::: Record set :::

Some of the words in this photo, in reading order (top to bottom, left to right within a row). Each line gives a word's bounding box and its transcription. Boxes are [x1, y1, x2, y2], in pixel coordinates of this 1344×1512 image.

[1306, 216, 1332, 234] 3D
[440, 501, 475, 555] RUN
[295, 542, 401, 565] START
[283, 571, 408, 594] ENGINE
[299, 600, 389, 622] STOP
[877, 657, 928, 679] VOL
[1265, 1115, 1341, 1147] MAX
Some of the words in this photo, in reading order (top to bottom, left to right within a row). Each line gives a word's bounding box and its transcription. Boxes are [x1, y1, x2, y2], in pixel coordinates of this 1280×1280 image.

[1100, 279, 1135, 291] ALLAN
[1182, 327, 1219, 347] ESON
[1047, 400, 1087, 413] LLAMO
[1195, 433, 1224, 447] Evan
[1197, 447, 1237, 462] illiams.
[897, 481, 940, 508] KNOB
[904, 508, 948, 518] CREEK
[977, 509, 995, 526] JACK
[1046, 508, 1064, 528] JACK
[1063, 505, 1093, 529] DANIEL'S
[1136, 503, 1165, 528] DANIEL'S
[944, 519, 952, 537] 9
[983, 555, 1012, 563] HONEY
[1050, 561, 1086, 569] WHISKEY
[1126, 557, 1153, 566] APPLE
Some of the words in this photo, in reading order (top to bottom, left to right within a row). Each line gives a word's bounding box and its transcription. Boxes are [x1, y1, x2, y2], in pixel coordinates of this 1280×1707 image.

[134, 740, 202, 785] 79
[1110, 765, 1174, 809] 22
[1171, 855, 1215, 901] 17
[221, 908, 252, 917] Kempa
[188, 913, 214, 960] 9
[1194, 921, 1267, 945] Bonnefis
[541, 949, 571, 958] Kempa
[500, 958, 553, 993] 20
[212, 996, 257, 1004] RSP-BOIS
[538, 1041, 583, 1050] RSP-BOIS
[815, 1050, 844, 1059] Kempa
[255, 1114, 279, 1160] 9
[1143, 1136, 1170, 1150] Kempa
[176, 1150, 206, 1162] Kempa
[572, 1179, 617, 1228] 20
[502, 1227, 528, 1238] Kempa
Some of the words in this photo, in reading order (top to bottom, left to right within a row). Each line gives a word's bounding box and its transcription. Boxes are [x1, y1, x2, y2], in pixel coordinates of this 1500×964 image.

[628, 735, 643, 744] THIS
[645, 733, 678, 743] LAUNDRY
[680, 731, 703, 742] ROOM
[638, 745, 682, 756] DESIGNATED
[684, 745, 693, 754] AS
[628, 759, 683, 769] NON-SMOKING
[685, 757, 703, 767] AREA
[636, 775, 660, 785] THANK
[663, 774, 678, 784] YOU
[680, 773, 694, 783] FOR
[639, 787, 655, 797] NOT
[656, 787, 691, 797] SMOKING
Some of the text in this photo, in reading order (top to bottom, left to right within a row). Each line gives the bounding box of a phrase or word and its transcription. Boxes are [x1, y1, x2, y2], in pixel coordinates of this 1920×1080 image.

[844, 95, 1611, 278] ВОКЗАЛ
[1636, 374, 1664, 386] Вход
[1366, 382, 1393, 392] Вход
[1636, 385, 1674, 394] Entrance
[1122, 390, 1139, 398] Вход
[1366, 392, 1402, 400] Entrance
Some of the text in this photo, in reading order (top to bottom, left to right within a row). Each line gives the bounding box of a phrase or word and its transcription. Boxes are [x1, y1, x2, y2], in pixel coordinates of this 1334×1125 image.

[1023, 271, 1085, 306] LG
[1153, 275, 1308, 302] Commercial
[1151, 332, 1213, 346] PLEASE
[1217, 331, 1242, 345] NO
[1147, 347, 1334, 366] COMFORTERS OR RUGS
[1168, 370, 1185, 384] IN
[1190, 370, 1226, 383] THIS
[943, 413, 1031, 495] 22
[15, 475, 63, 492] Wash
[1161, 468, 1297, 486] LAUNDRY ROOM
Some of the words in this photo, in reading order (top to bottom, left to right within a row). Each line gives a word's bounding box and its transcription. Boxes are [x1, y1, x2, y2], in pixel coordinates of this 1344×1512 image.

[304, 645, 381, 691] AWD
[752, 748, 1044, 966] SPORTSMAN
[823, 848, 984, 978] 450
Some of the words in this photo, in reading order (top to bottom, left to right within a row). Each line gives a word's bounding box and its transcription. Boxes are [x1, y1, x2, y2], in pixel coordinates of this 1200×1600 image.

:::

Every line of the listing should be printed again exactly.

Some of the words in this photo, in reading order (top to bottom, left to right within a row). Each line gives a word's bounding box and its transcription. Boxes are [x1, y1, x2, y2], in pixel coordinates of this 1344×1512 image.

[1306, 216, 1332, 234] 3D
[440, 501, 475, 555] RUN
[295, 542, 401, 565] START
[283, 571, 408, 594] ENGINE
[299, 600, 389, 622] STOP
[877, 657, 928, 679] VOL
[1265, 1115, 1341, 1147] MAX
Some of the words in this photo, in reading order (top to bottom, left to right within a row). Each line gives a word's bounding box and its transcription. Boxes are [x1, y1, x2, y2], in pixel coordinates of this 1280×1280 image.

[1100, 279, 1135, 291] ALLAN
[1182, 327, 1219, 347] ESON
[1047, 400, 1087, 413] LLAMO
[1195, 433, 1224, 447] Evan
[1197, 447, 1237, 462] illiams.
[897, 481, 940, 508] KNOB
[904, 508, 948, 518] CREEK
[977, 509, 995, 526] JACK
[1046, 508, 1064, 528] JACK
[1063, 505, 1093, 529] DANIEL'S
[1136, 503, 1165, 528] DANIEL'S
[944, 519, 952, 537] 9
[983, 555, 1012, 563] HONEY
[1050, 561, 1086, 569] WHISKEY
[1126, 557, 1153, 566] APPLE
Some of the words in this photo, in reading order (top to bottom, left to right within a row). Each line gives a word's bounding box and its transcription. Boxes are [x1, y1, x2, y2], in pixel coordinates of this 1280×1707 image.

[134, 740, 202, 785] 79
[1110, 765, 1174, 809] 22
[1171, 855, 1215, 901] 17
[221, 908, 252, 917] Kempa
[188, 913, 214, 960] 9
[1194, 921, 1267, 945] Bonnefis
[541, 949, 571, 958] Kempa
[500, 958, 553, 993] 20
[212, 996, 257, 1004] RSP-BOIS
[538, 1041, 583, 1050] RSP-BOIS
[815, 1050, 844, 1059] Kempa
[255, 1114, 279, 1160] 9
[1143, 1136, 1170, 1150] Kempa
[176, 1150, 206, 1162] Kempa
[572, 1179, 617, 1228] 20
[502, 1227, 528, 1238] Kempa
Some of the words in this photo, in reading order (top to bottom, left to right within a row). Each line gives a word's bounding box and its transcription. Boxes are [x1, y1, x2, y2], in pixel coordinates of this 1500×964 image.

[628, 735, 643, 744] THIS
[645, 733, 678, 743] LAUNDRY
[680, 731, 703, 742] ROOM
[638, 745, 682, 756] DESIGNATED
[684, 745, 693, 754] AS
[628, 759, 683, 769] NON-SMOKING
[685, 757, 703, 767] AREA
[636, 775, 660, 785] THANK
[663, 774, 678, 784] YOU
[680, 773, 694, 783] FOR
[639, 787, 655, 797] NOT
[656, 787, 691, 797] SMOKING
Some of the text in this photo, in reading order (top to bottom, left to right within a row). Each line gives the bounding box of a phrase or word and its transcription. Boxes are [x1, y1, x2, y2], in pixel coordinates of this 1920×1080 image.

[844, 95, 1611, 278] ВОКЗАЛ
[1636, 374, 1664, 386] Вход
[1366, 382, 1393, 392] Вход
[1636, 385, 1674, 394] Entrance
[1122, 390, 1139, 398] Вход
[1366, 392, 1402, 400] Entrance
Some of the text in this photo, in reading order (top to bottom, left to right within a row). Each line gives the bounding box of a phrase or word and its transcription. Boxes are [x1, y1, x2, y2], in pixel coordinates of this 1334×1125 image.

[1023, 271, 1085, 306] LG
[1153, 275, 1308, 302] Commercial
[1151, 332, 1213, 346] PLEASE
[1217, 331, 1242, 345] NO
[1147, 347, 1334, 366] COMFORTERS OR RUGS
[1168, 370, 1185, 384] IN
[1190, 370, 1226, 383] THIS
[943, 413, 1031, 495] 22
[15, 475, 63, 492] Wash
[1161, 468, 1297, 486] LAUNDRY ROOM
Some of the words in this photo, in reading order (top to bottom, left to right within a row). Each line gives a word's bounding box and its transcription. Boxes are [x1, y1, x2, y2], in pixel coordinates of this 1344×1512 image.

[304, 645, 381, 691] AWD
[752, 748, 1044, 966] SPORTSMAN
[823, 848, 984, 978] 450
Some of the words in this photo, in reading order (top to bottom, left to right within a row). Each line gives a word's bounding box and its transcription. Boxes are [x1, y1, x2, y2], in pixel coordinates of this 1200×1600 image.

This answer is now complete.